■ SOURCE DATA ■
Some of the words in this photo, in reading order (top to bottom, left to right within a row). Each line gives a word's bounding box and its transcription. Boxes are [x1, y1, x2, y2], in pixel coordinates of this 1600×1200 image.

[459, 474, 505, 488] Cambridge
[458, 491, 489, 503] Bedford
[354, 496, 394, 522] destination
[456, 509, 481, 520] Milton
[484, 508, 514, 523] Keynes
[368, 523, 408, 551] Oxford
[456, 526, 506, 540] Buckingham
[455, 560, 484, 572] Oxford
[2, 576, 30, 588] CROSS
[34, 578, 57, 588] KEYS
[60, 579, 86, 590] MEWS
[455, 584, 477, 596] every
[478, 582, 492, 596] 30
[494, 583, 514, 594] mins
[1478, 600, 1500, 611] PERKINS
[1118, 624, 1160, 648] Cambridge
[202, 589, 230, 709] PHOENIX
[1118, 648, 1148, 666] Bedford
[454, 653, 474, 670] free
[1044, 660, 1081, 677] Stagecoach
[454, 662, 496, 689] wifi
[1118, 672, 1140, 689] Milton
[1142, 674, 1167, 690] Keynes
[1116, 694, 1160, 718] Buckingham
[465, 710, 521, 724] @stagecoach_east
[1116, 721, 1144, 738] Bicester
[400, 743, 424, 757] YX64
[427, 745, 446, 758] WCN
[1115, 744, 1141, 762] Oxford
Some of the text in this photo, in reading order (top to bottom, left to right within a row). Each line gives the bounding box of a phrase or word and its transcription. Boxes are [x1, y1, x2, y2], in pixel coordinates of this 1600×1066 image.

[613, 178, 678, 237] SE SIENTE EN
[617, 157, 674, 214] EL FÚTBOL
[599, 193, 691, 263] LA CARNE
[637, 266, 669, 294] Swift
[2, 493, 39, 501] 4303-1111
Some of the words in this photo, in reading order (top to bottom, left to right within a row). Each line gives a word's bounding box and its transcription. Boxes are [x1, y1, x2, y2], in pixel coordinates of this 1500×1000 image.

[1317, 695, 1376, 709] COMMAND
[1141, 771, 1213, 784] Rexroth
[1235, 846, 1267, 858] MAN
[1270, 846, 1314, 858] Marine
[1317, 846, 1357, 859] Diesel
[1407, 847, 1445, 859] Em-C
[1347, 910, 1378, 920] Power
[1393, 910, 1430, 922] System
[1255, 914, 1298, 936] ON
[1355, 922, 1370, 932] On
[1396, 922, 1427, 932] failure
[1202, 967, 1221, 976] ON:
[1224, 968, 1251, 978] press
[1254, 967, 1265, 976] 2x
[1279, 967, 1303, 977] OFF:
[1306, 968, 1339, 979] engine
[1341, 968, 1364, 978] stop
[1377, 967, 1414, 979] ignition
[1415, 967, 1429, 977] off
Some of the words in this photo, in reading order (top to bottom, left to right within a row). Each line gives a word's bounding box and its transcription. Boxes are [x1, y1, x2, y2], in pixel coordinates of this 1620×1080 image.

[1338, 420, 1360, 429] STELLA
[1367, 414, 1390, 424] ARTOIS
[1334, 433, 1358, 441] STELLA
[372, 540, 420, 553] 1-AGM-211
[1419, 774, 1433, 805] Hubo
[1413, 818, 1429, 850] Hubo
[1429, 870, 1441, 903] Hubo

■ REQUIREMENT ■
Set out the entries once more, word for word.

■ ANSWER TO THIS EXERCISE ■
Some of the words in this photo, in reading order (top to bottom, left to right within a row). Each line gives a word's bounding box and its transcription. Boxes are [x1, y1, x2, y2], in pixel coordinates of this 1600×1200 image.

[459, 474, 505, 488] Cambridge
[458, 491, 489, 503] Bedford
[354, 496, 394, 522] destination
[456, 509, 481, 520] Milton
[484, 508, 514, 523] Keynes
[368, 523, 408, 551] Oxford
[456, 526, 506, 540] Buckingham
[455, 560, 484, 572] Oxford
[2, 576, 30, 588] CROSS
[34, 578, 57, 588] KEYS
[60, 579, 86, 590] MEWS
[455, 584, 477, 596] every
[478, 582, 492, 596] 30
[494, 583, 514, 594] mins
[1478, 600, 1500, 611] PERKINS
[1118, 624, 1160, 648] Cambridge
[202, 589, 230, 709] PHOENIX
[1118, 648, 1148, 666] Bedford
[454, 653, 474, 670] free
[1044, 660, 1081, 677] Stagecoach
[454, 662, 496, 689] wifi
[1118, 672, 1140, 689] Milton
[1142, 674, 1167, 690] Keynes
[1116, 694, 1160, 718] Buckingham
[465, 710, 521, 724] @stagecoach_east
[1116, 721, 1144, 738] Bicester
[400, 743, 424, 757] YX64
[427, 745, 446, 758] WCN
[1115, 744, 1141, 762] Oxford
Some of the text in this photo, in reading order (top to bottom, left to right within a row). Each line gives the bounding box of a phrase or word and its transcription. Boxes are [x1, y1, x2, y2], in pixel coordinates of this 1600×1066 image.

[613, 178, 678, 237] SE SIENTE EN
[617, 157, 674, 214] EL FÚTBOL
[599, 193, 691, 263] LA CARNE
[637, 266, 669, 294] Swift
[2, 493, 39, 501] 4303-1111
Some of the words in this photo, in reading order (top to bottom, left to right within a row). Each line gives a word's bounding box and its transcription. Boxes are [x1, y1, x2, y2], in pixel coordinates of this 1500×1000 image.

[1317, 695, 1376, 709] COMMAND
[1141, 771, 1213, 784] Rexroth
[1235, 846, 1267, 858] MAN
[1270, 846, 1314, 858] Marine
[1317, 846, 1357, 859] Diesel
[1407, 847, 1445, 859] Em-C
[1347, 910, 1378, 920] Power
[1393, 910, 1430, 922] System
[1255, 914, 1298, 936] ON
[1355, 922, 1370, 932] On
[1396, 922, 1427, 932] failure
[1202, 967, 1221, 976] ON:
[1224, 968, 1251, 978] press
[1254, 967, 1265, 976] 2x
[1279, 967, 1303, 977] OFF:
[1306, 968, 1339, 979] engine
[1341, 968, 1364, 978] stop
[1377, 967, 1414, 979] ignition
[1415, 967, 1429, 977] off
Some of the words in this photo, in reading order (top to bottom, left to right within a row). Each line gives a word's bounding box and its transcription. Boxes are [x1, y1, x2, y2], in pixel coordinates of this 1620×1080 image.

[1338, 420, 1360, 429] STELLA
[1367, 414, 1390, 424] ARTOIS
[1334, 433, 1358, 441] STELLA
[372, 540, 420, 553] 1-AGM-211
[1419, 774, 1433, 805] Hubo
[1413, 818, 1429, 850] Hubo
[1429, 870, 1441, 903] Hubo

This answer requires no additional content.